*Task statement:*
Although the listing below holds pictures, reproduce only its lines from the one containing "this 1600×1067 image." through the last, exactly and without them.

*Extracted records:*
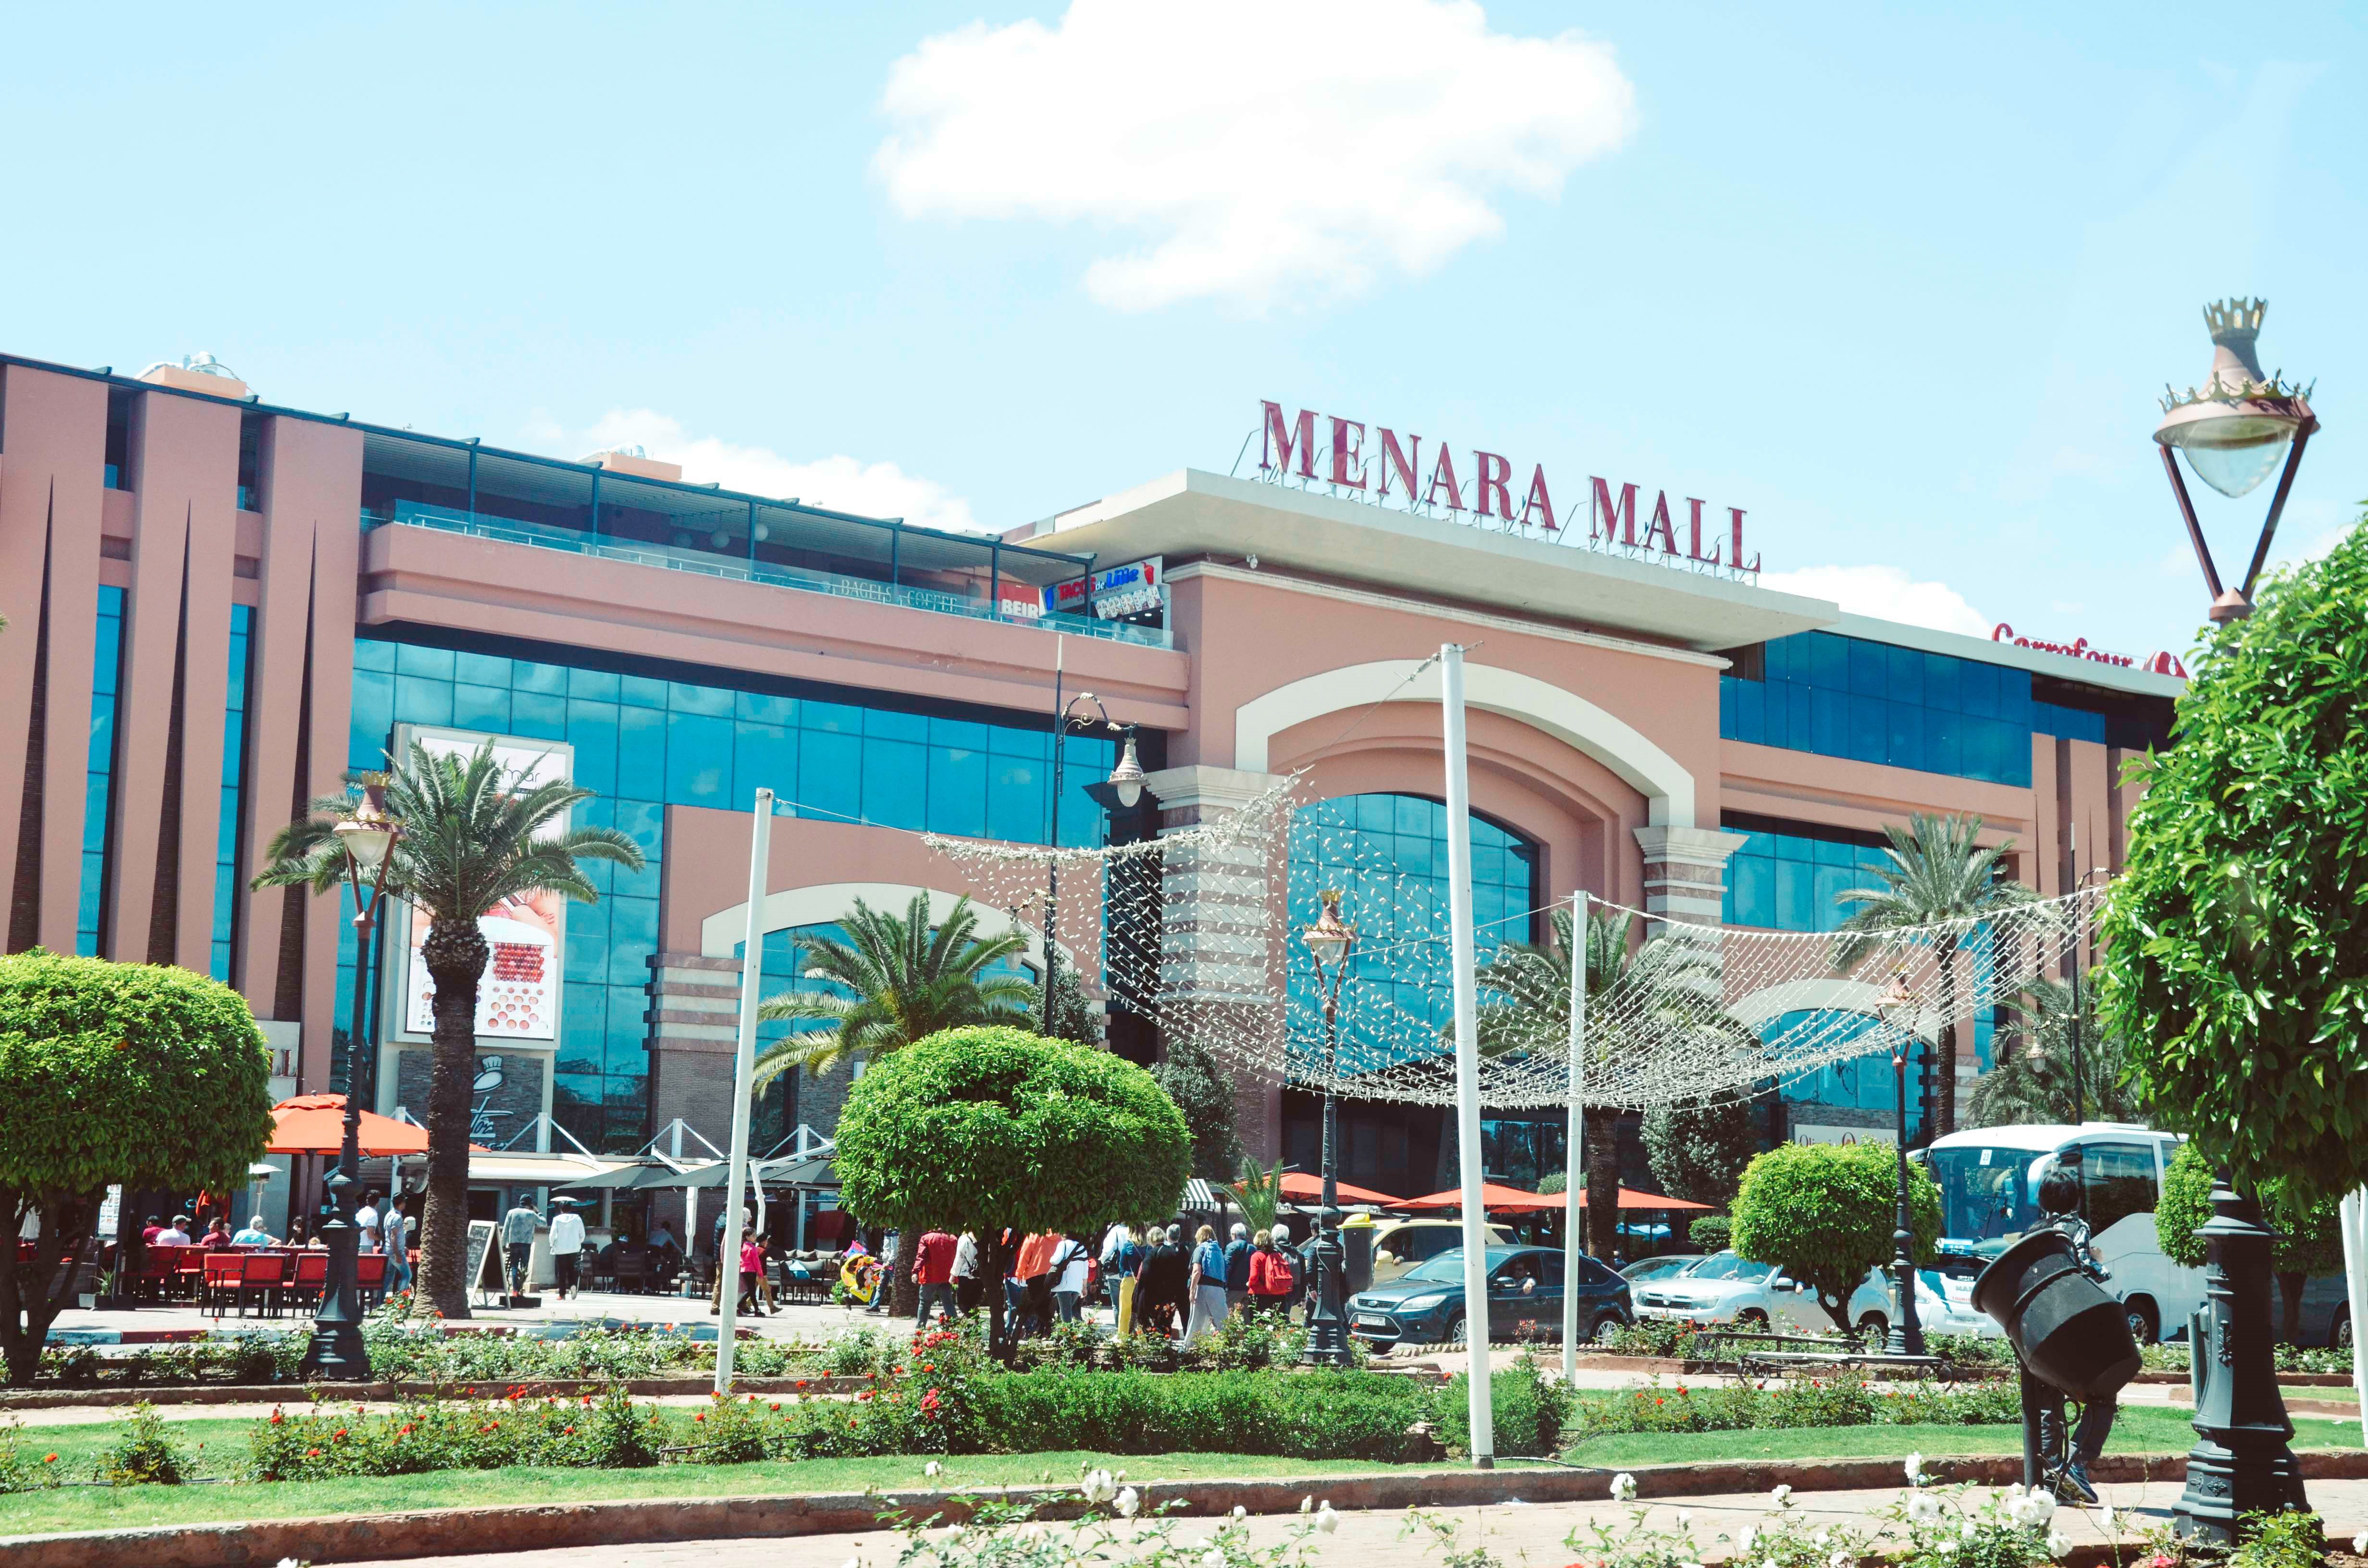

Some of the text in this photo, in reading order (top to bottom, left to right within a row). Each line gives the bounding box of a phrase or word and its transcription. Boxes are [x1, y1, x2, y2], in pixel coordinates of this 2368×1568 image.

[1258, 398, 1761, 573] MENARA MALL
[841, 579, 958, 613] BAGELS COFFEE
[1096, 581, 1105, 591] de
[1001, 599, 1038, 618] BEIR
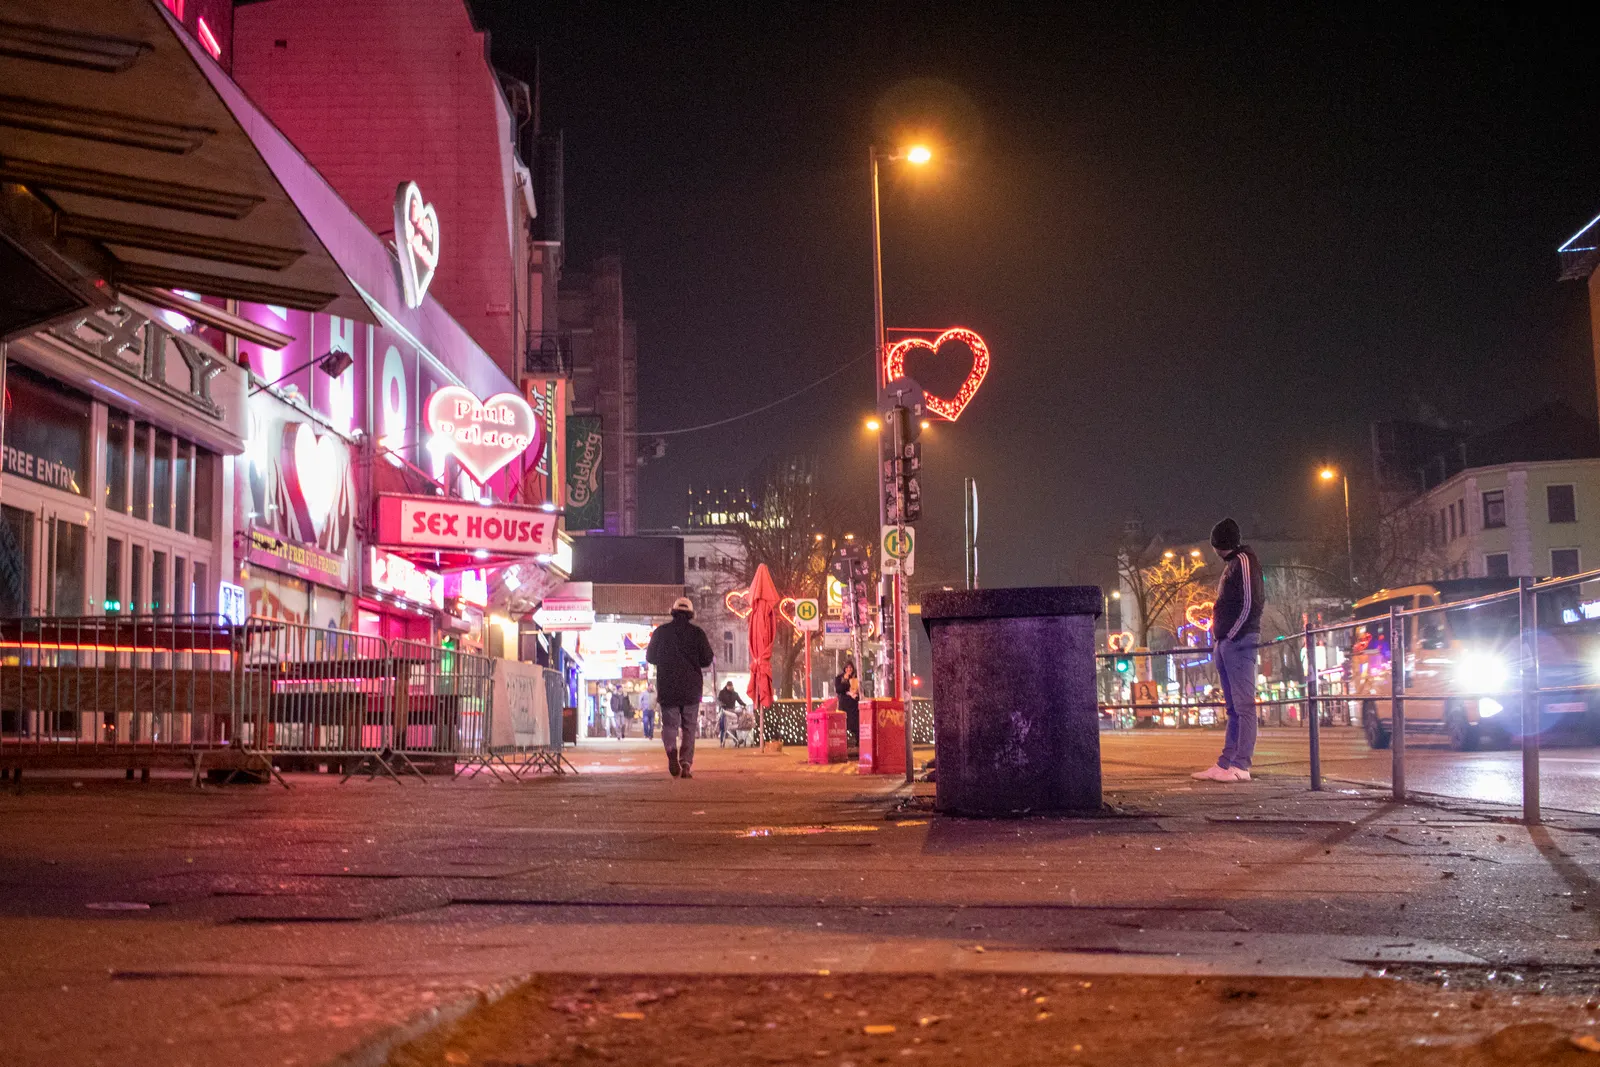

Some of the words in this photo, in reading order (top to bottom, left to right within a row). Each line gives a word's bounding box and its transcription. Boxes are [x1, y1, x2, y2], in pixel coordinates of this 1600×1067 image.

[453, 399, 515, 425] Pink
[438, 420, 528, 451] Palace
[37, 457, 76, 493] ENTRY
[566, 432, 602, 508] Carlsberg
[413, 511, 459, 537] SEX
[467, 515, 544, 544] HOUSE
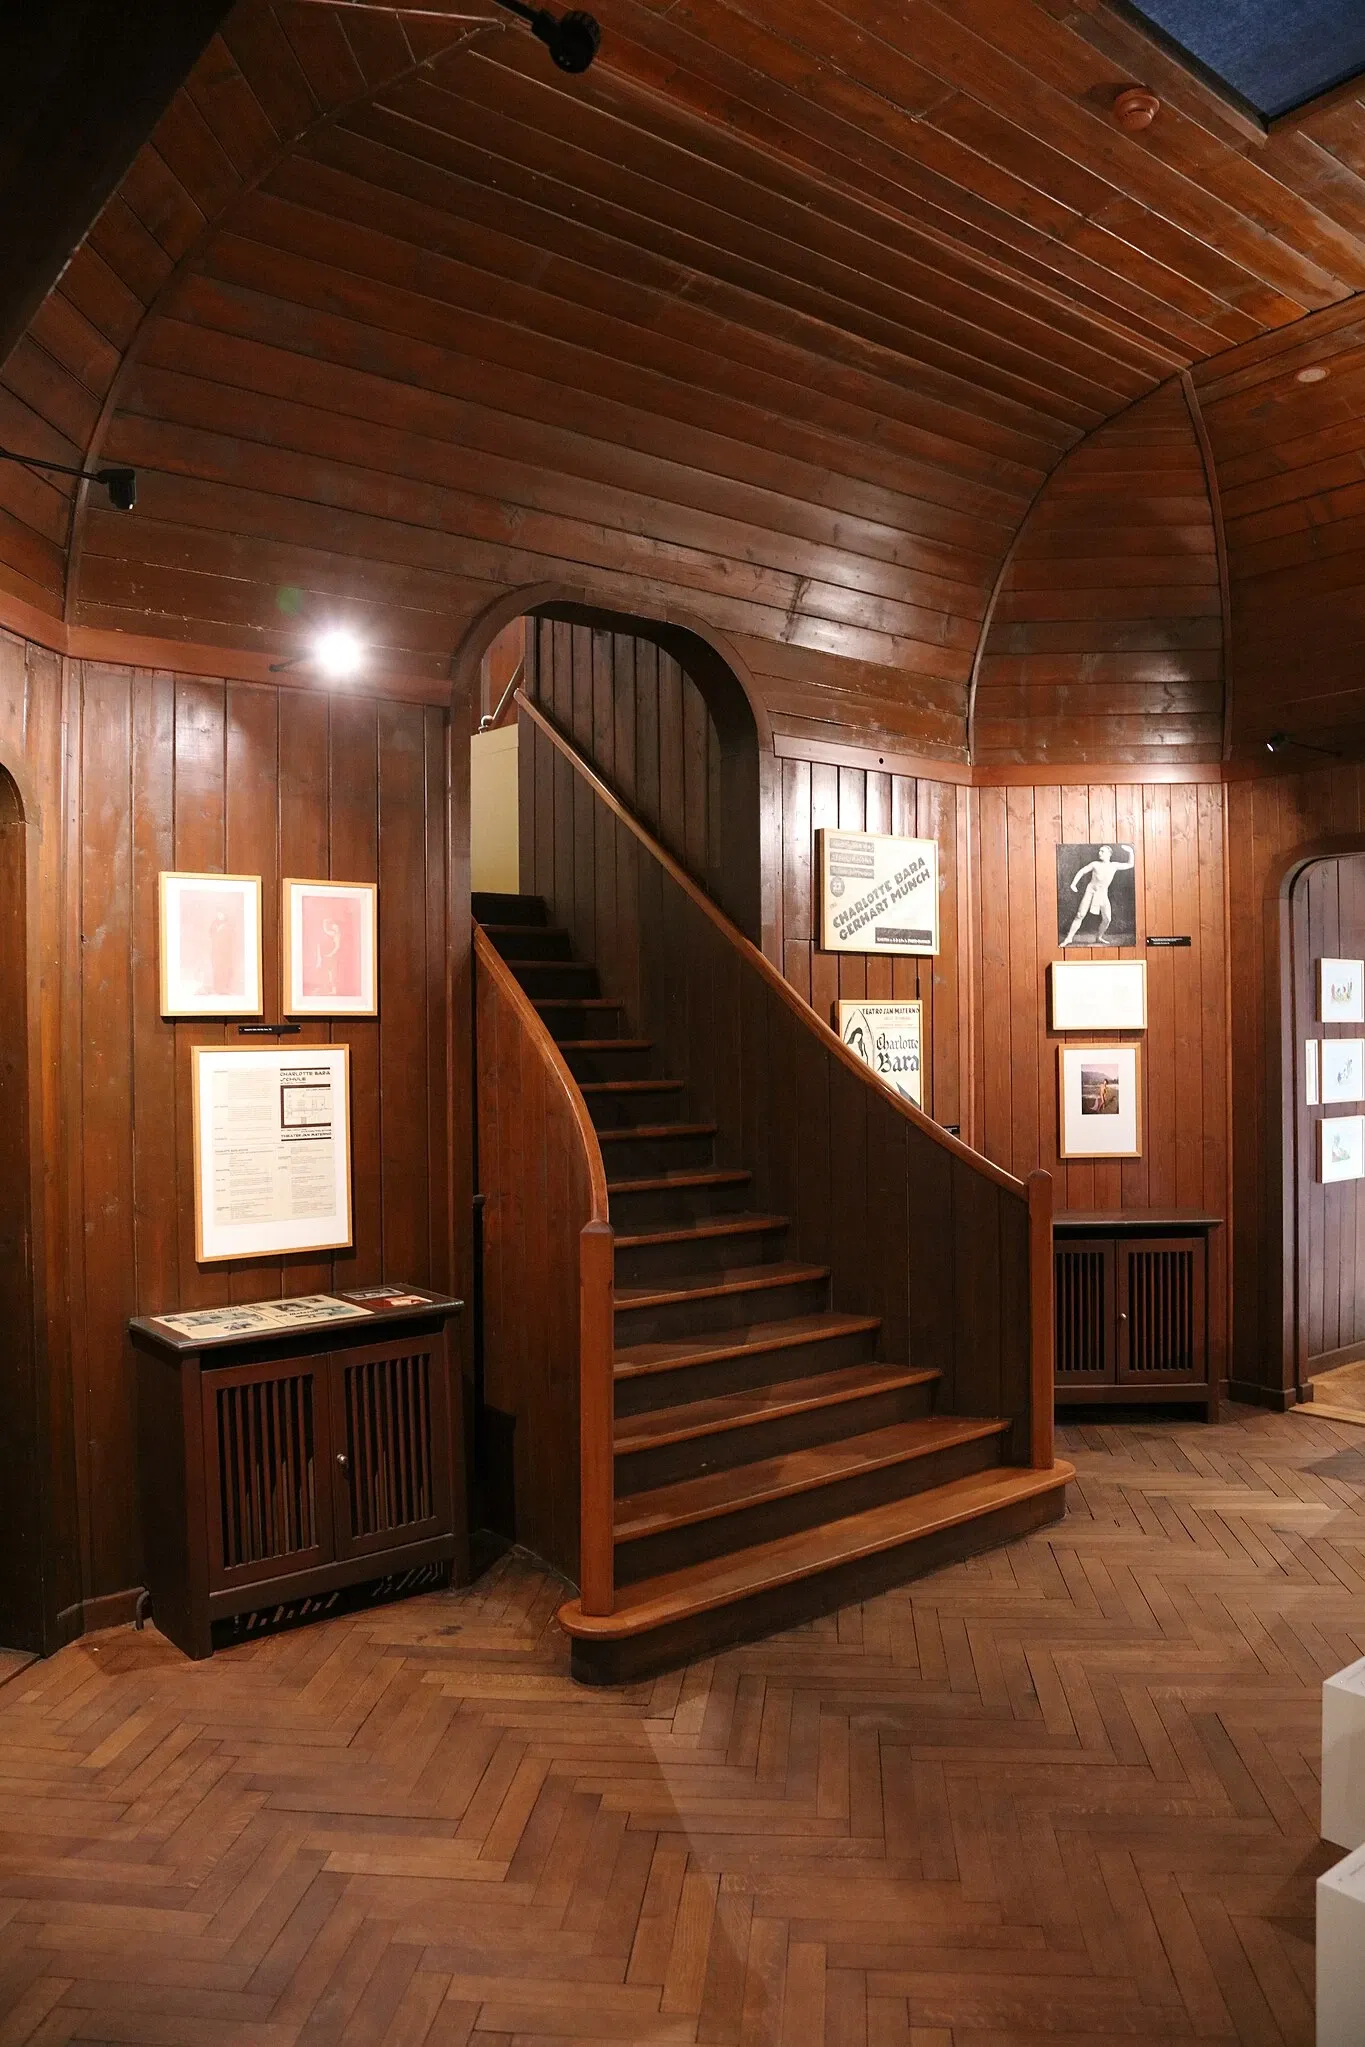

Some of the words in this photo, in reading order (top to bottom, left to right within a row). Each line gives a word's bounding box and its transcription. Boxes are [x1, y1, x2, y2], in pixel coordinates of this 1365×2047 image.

*Response for this exercise:*
Some of the words in this photo, in reading order (top to bottom, left to right within a row). Each line gives a word's bounding box and its transcription. Boxes are [x1, y1, x2, y2], in pixel coordinates of this 1600×1067 image.

[453, 399, 515, 425] Pink
[438, 420, 528, 451] Palace
[37, 457, 76, 493] ENTRY
[566, 432, 602, 508] Carlsberg
[413, 511, 459, 537] SEX
[467, 515, 544, 544] HOUSE

Some of the words in this photo, in reading order (top to bottom, left to right within a row). Each line gives a word's bounding box and its transcription. Boxes are [x1, y1, x2, y2], in pixel coordinates of this 1365×2047 image.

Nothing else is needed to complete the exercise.